Visiting Mammoth Cave: Domes and Dripstones Tour

Last April, while visiting family in Louisville, we decided to take a day trip to Mammoth National Park. Located in central Kentucky, Mammoth National Park was officially established in 1941 and is home to the longest cave system in the world. On the surface, Mammoth National Park extends around 80 square miles but the underground cave systems extend a least 405 miles! Exploration and surveying continues today, with new passages discovered each year!

There are tour options of various intensities, but we chose the 2 hour Domes and Dripstones Tour. With over 100 people on the tour, we rode buses to what appeared to be just a door at the bottom of a sinkhole but it was really a man-made entrance to the cave. At the mouth of the opening, you can feel the cool air from within the caves, which stays around 54 degrees Fahrenheit year round.


Heading into the cave, we descended around 280 steps winding through small openings, over deep crevices and under large domes. The descent was both exhilarating and at times a little terrifying. Water dripped down on our heads throughout the climb but once we got 250 feet underground, everything was completely dry. We stopped to rest for a few minutes on benches while he ranger taught us more about the cave system. At one point she turned off every source of light humans had put into the cave. Immersed in complete darkness, there was no source of natural light in the cave at all.

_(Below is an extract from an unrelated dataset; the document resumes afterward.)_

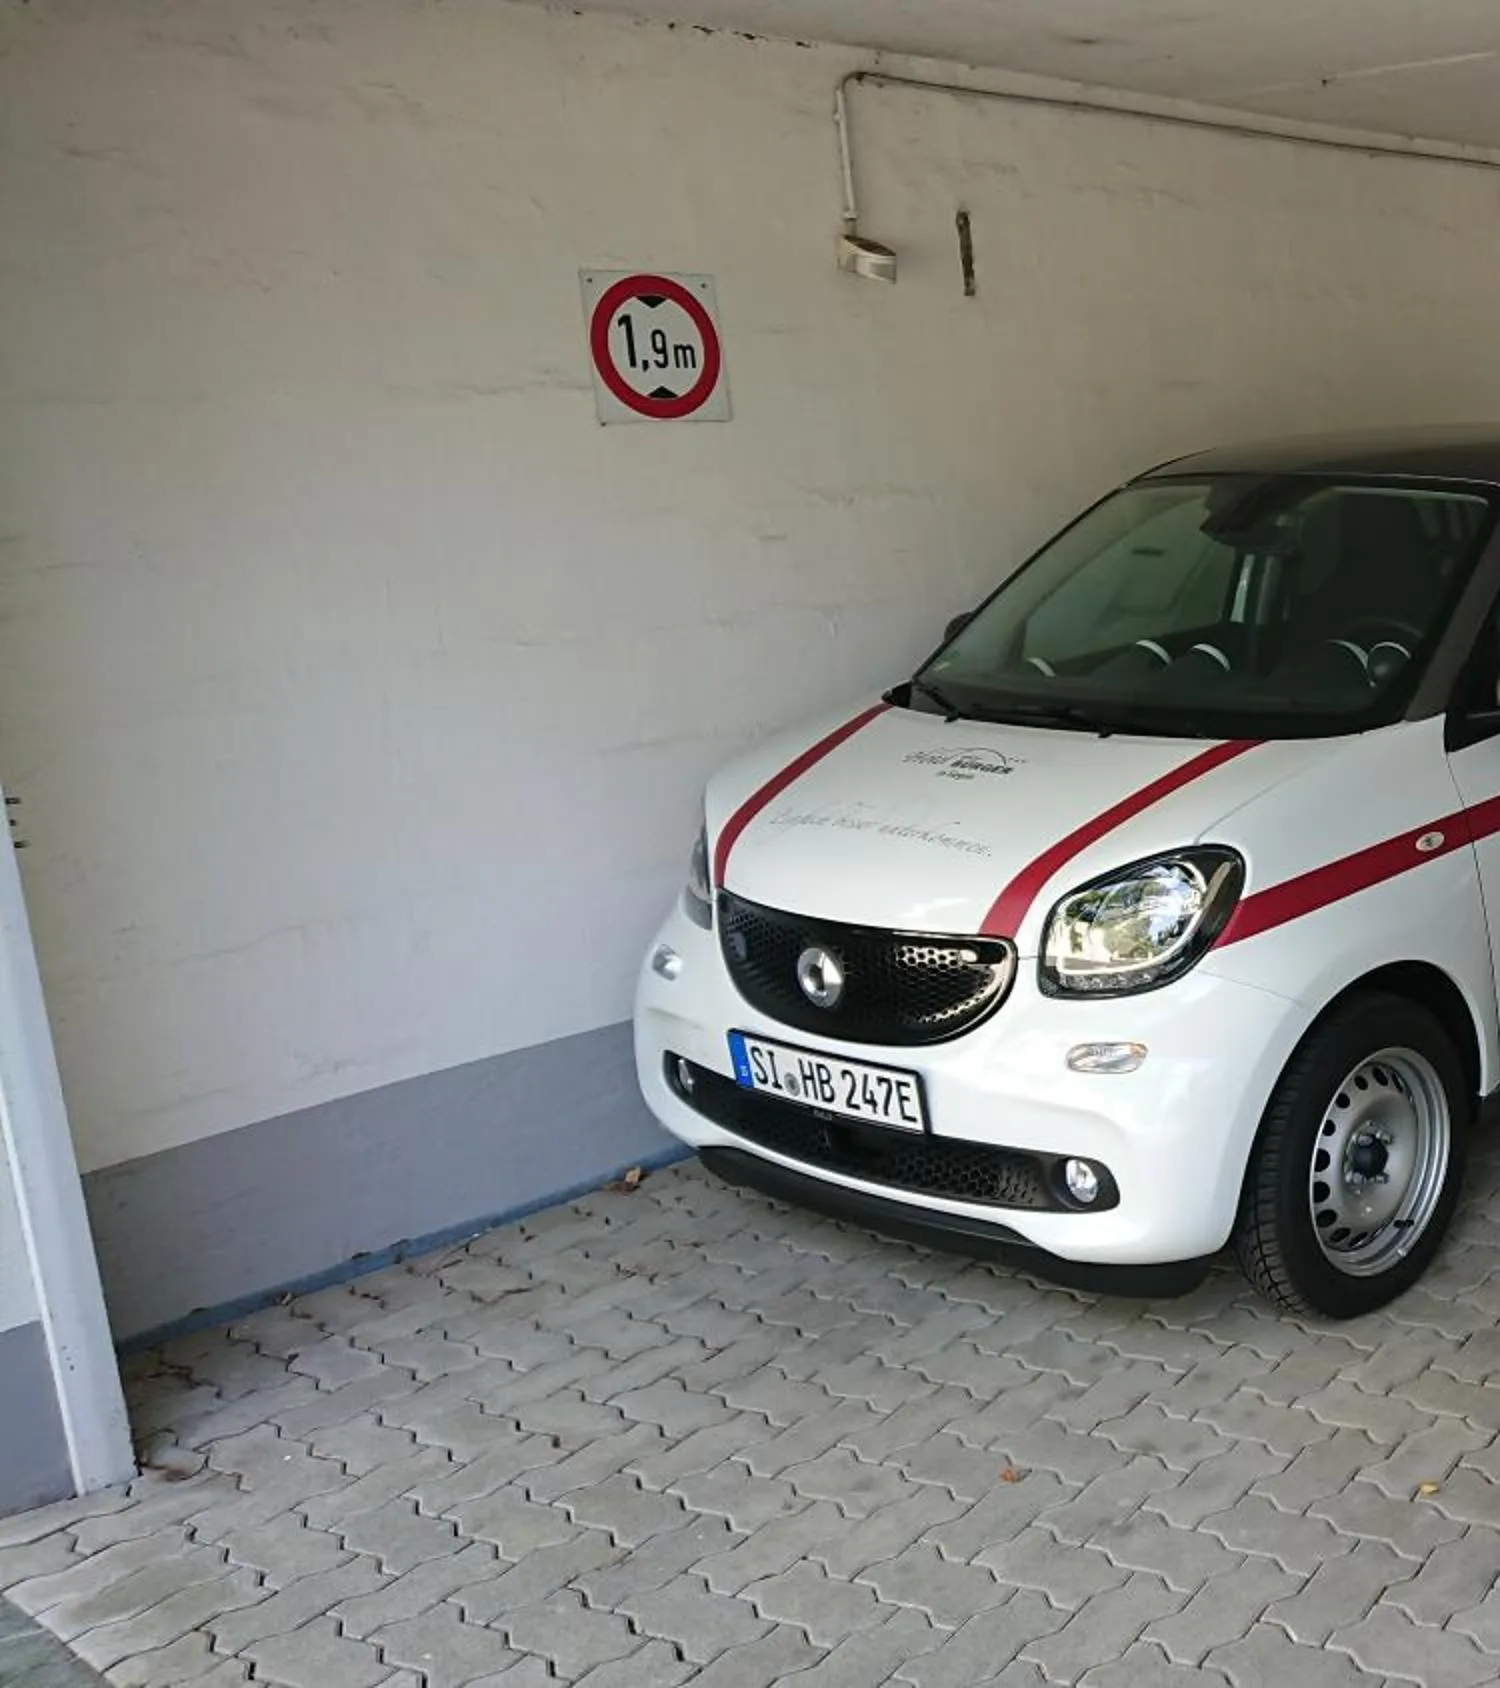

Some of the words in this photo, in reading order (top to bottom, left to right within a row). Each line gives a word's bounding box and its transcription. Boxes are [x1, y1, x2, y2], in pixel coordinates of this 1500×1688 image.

We continued our trek through wide caverns and narrow pathways admiring the variety of dripstone formations along the way. Our tour concluded with a visit to the “Frozen Niagara”, a large formation of dripstones resembling a waterfall frozen in its tracks. After hiking through the caves for 2 hours we only explored 0.18% of the discovered passageways throughout the cave system!

Once back at the visitor center, we had to walk over soapy mats to clean off the bottoms of our shoes. This is to try to prevent the spread of white-nose syndrome, a fungal disease detrimental to bats. The fungus first appeared in the United States in the winter of 2007 and an estimated 5.7-6.7 million bats have died in country since. We talked to the park ranger about it and she told us that these efforts are to try to contain the fungal disease and they are hoping the bats will develop an immunity.


Overall, the cave tour was definitely worth the $15 price tag. Before you head to your tour, be sure to walk through the visitor center for small exhibits and an informational video! You’ll learn about the discoveries made in Mammoth Cave throughout history. Our quick day trip was well worth the trek but we wish we had more time to explore all the things Mammoth National Park had to offer!